▶ **Your task**
Images are not part of the copy; write out the rest of the data exactly as given.
Segment Start: Records shown
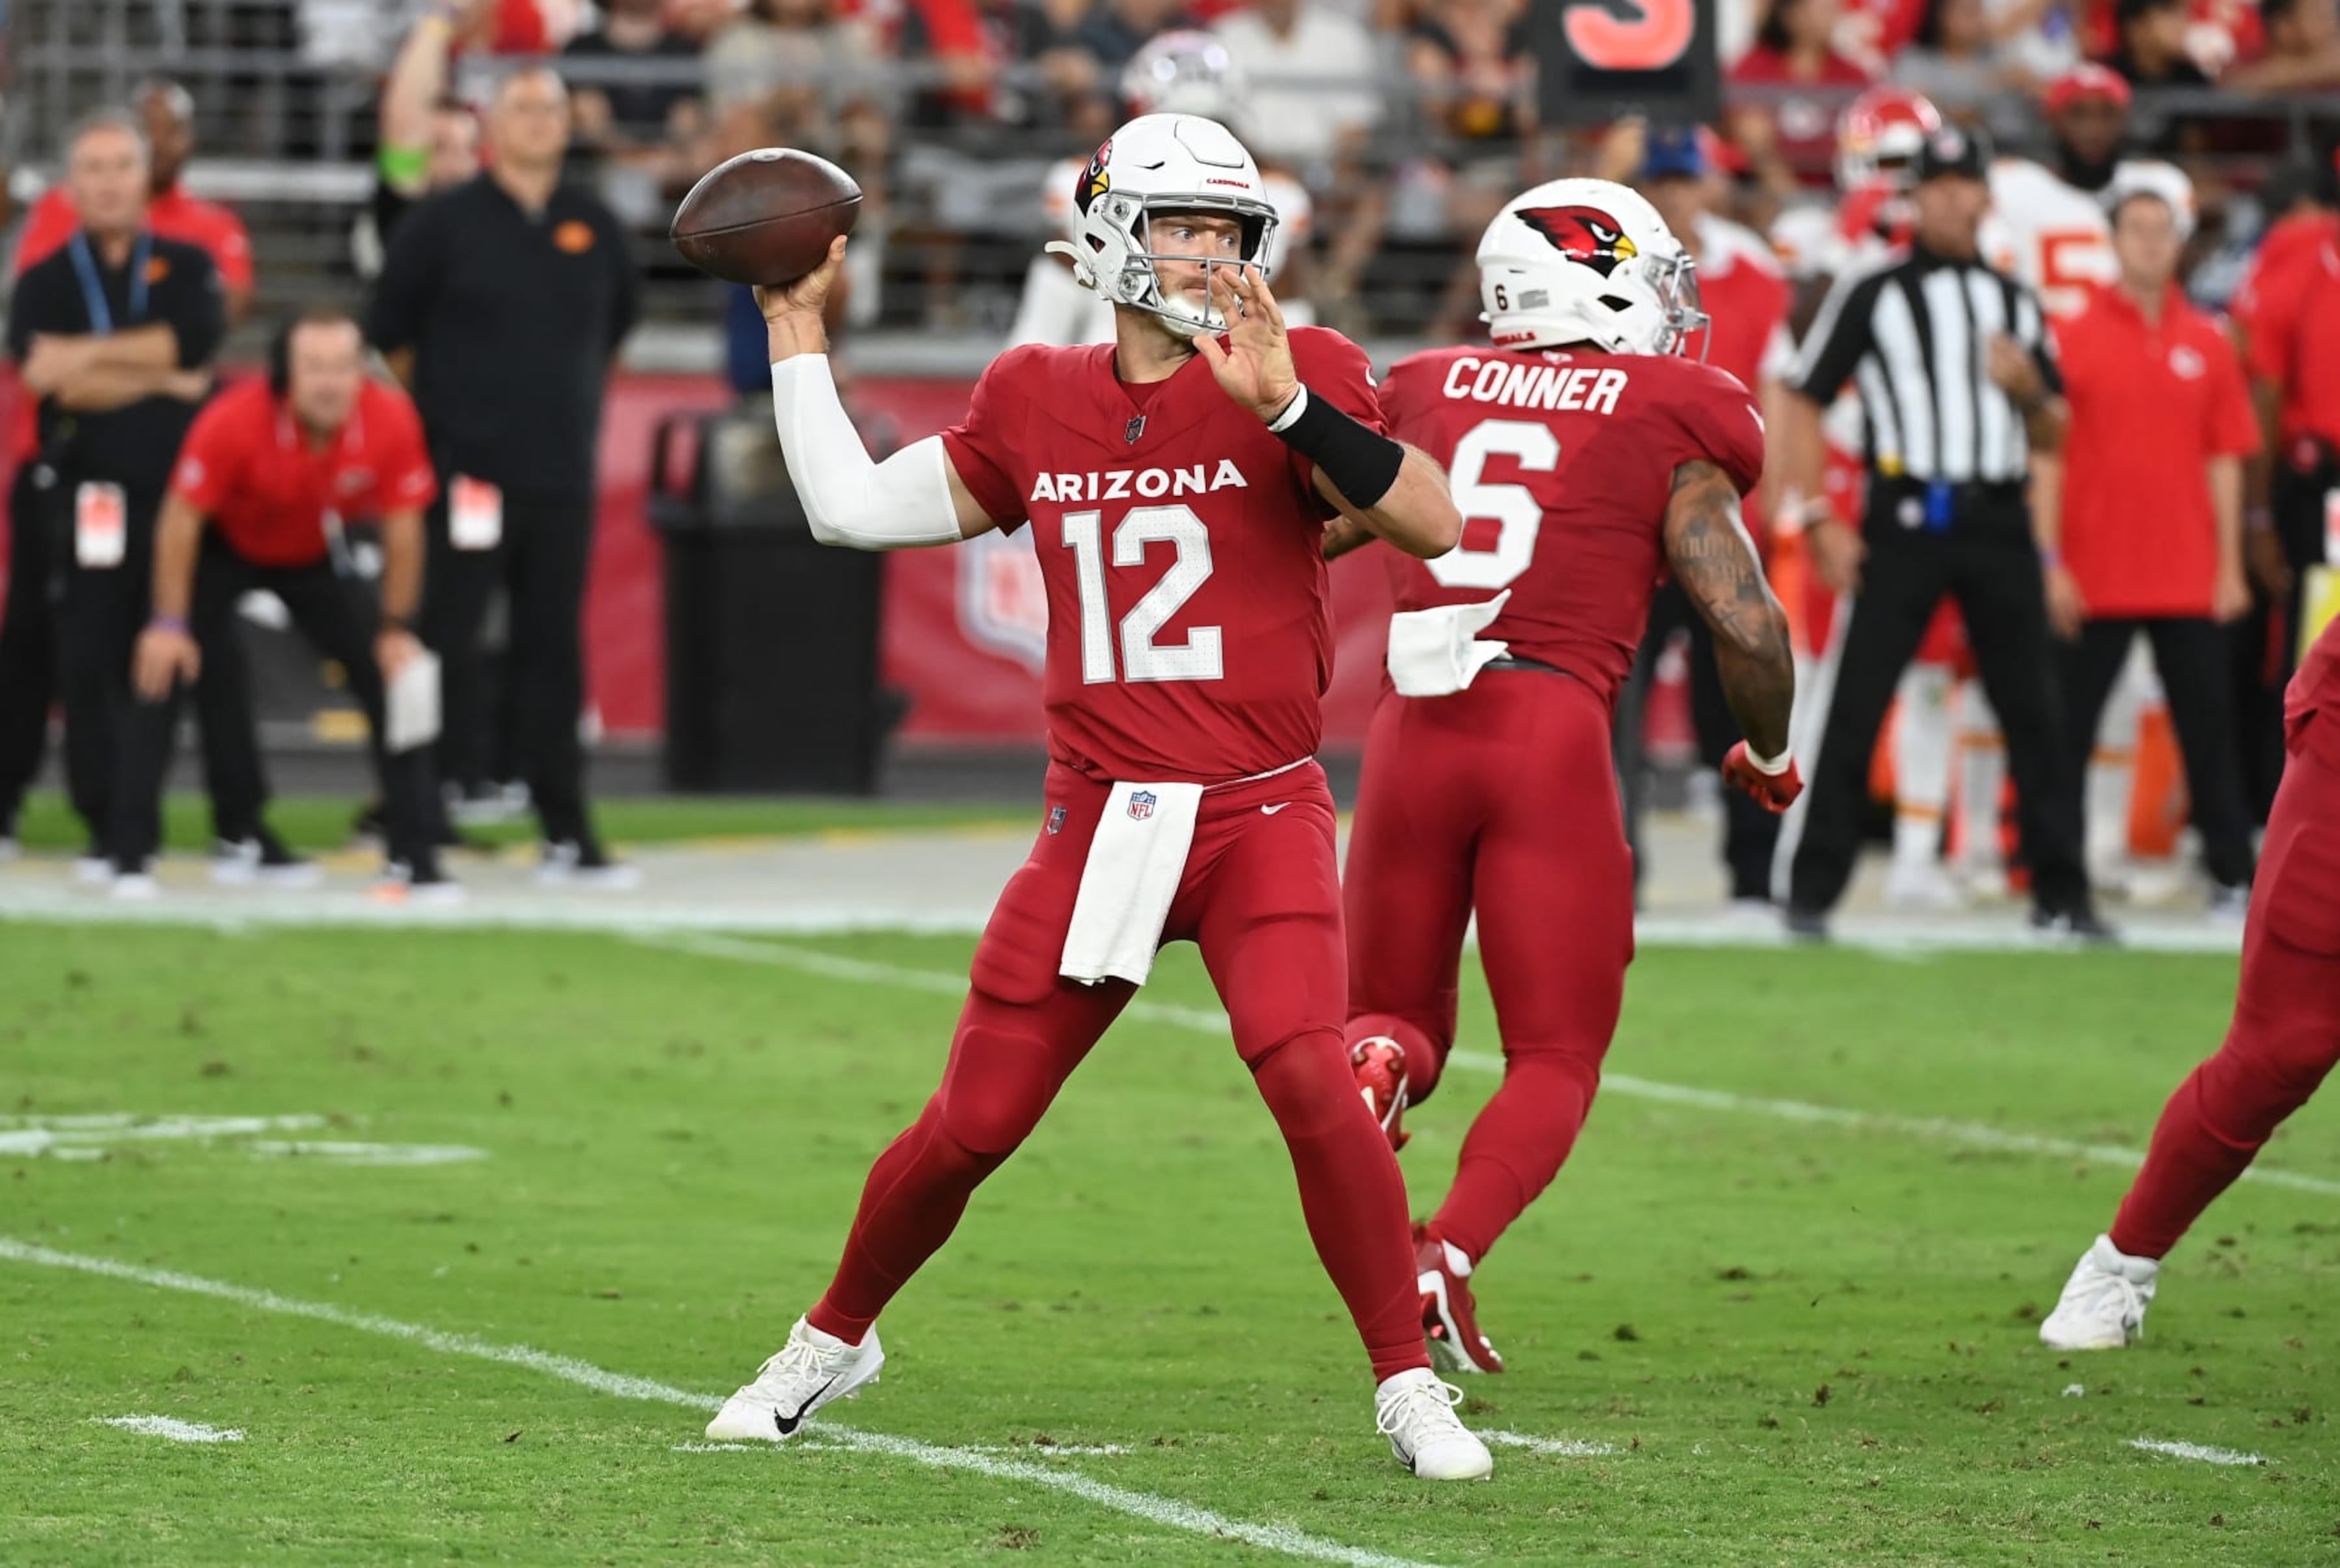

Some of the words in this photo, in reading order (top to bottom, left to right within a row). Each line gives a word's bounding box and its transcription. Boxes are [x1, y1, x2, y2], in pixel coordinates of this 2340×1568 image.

[1495, 283, 1509, 311] 6
[1442, 357, 1629, 415] CONNER
[1030, 458, 1249, 503] ARIZONA
[1424, 418, 1561, 589] 6
[1062, 503, 1224, 685] 12
[1130, 802, 1151, 817] NFL
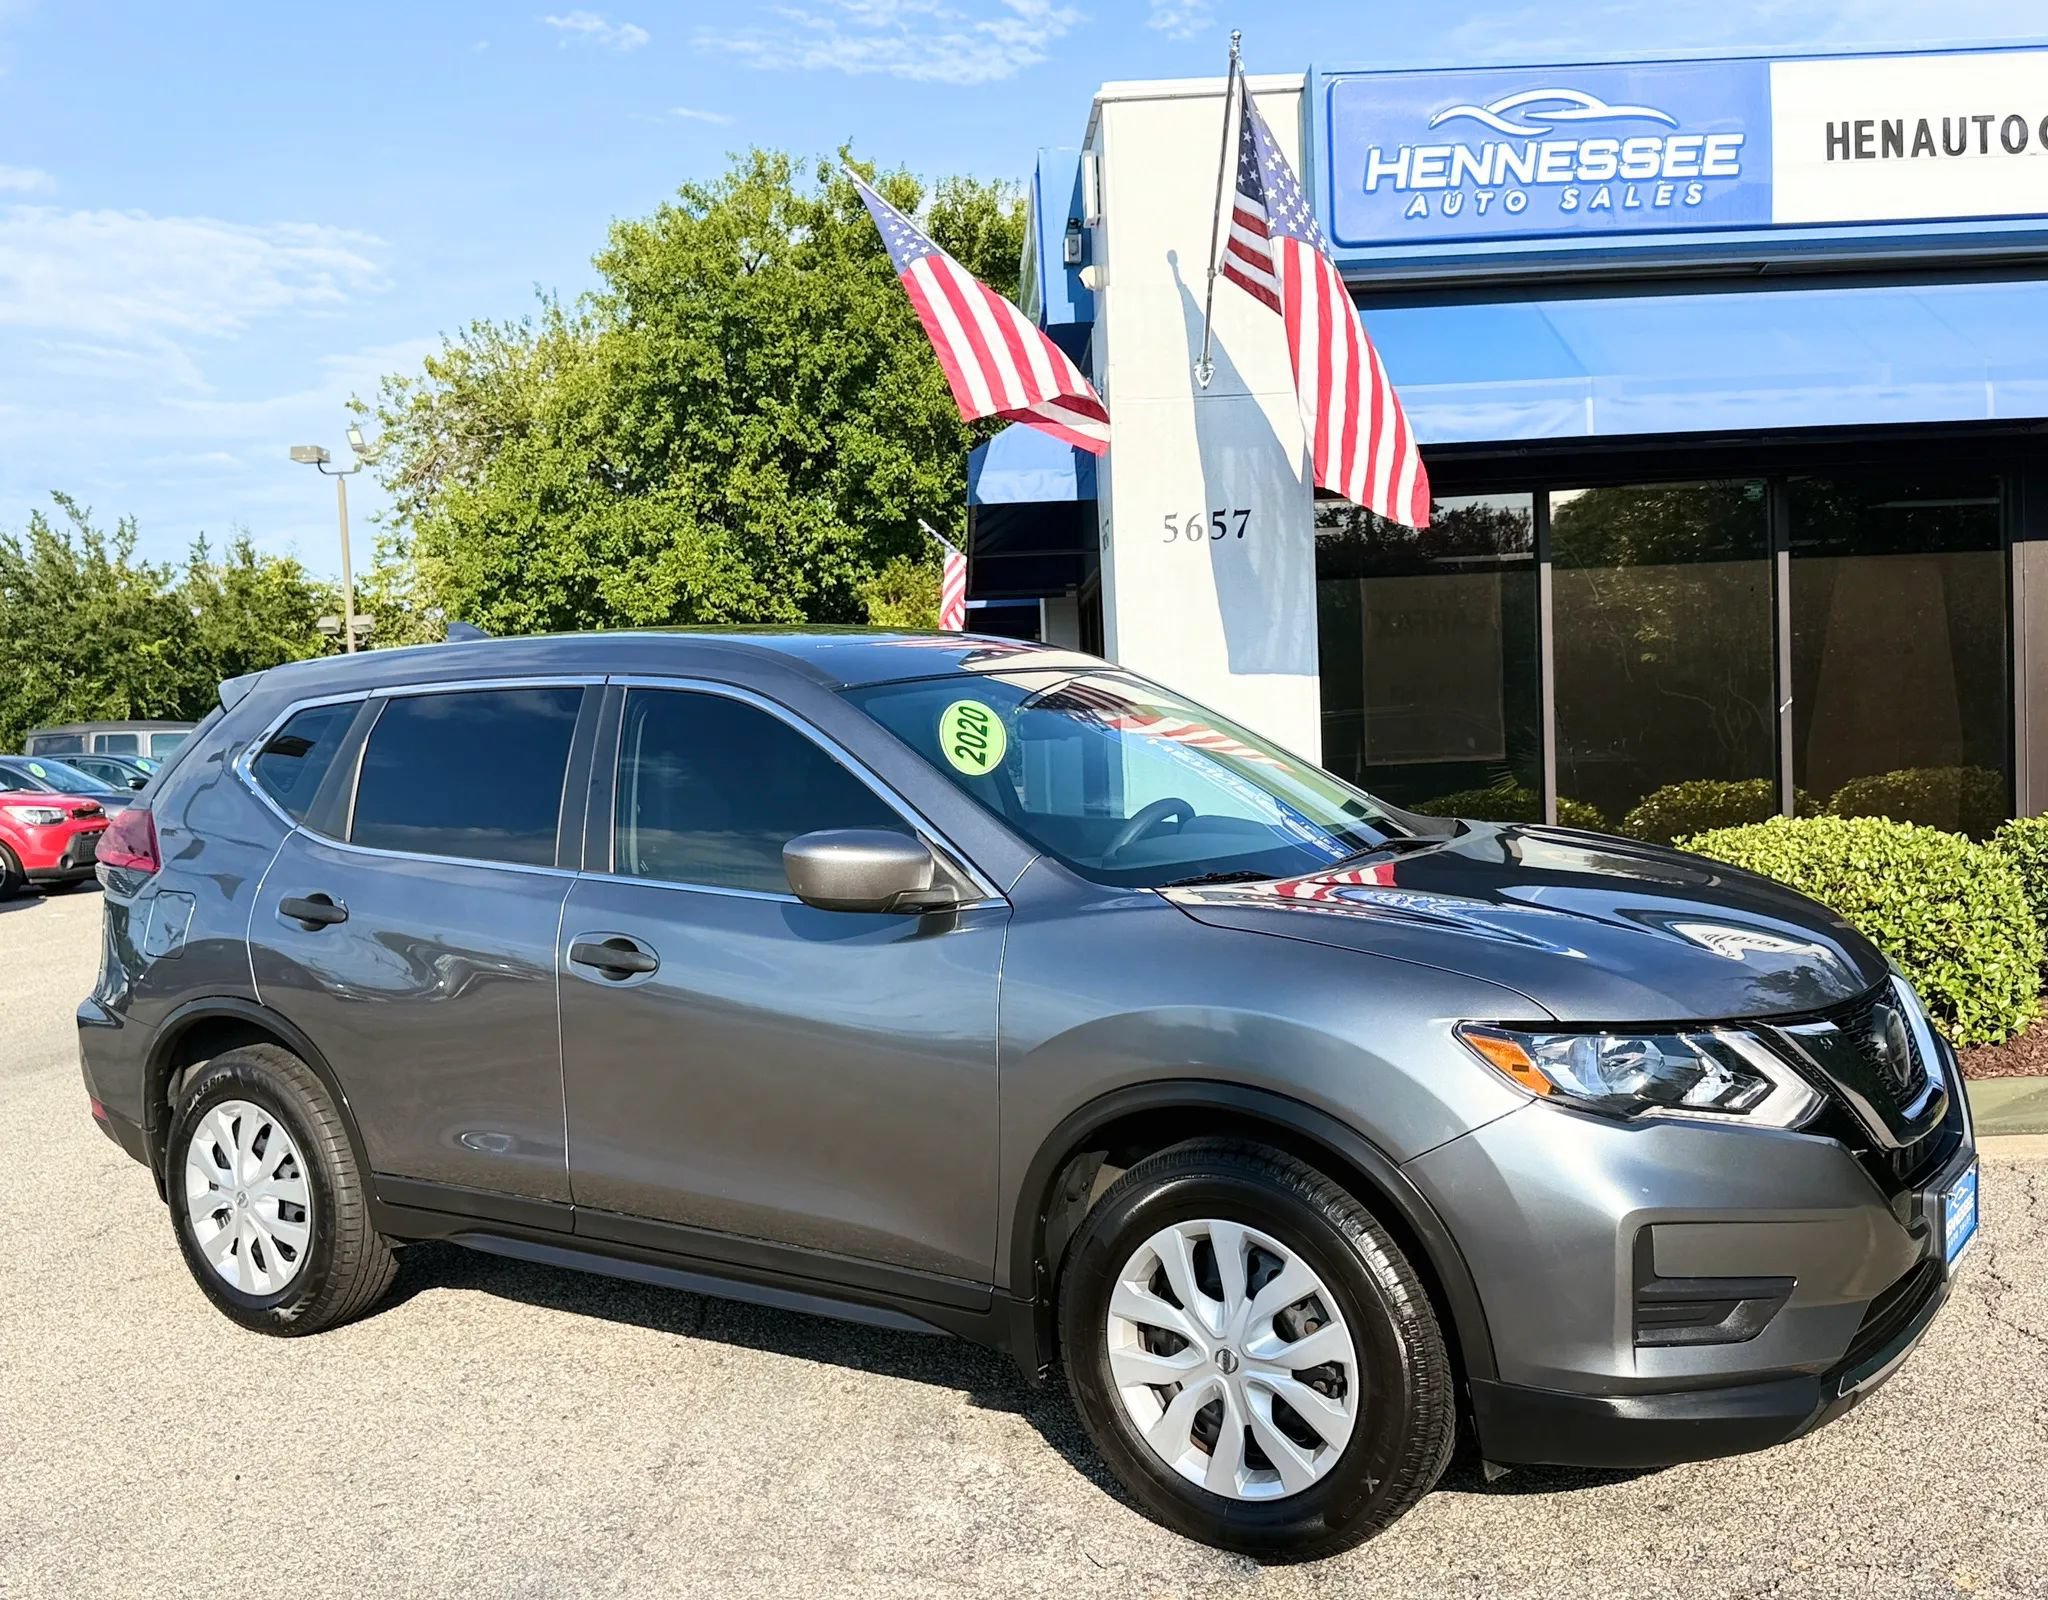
Segment End: Records shown
▶ **Answer to this problem**
Some of the words in this photo, in reading order (top to bottom, left to right within a row). Each line gives a word's bounding box and its transcription. Boxes are [x1, y1, x2, y2], in pixel coordinates of this 2340×1568 image.

[1495, 283, 1509, 311] 6
[1442, 357, 1629, 415] CONNER
[1030, 458, 1249, 503] ARIZONA
[1424, 418, 1561, 589] 6
[1062, 503, 1224, 685] 12
[1130, 802, 1151, 817] NFL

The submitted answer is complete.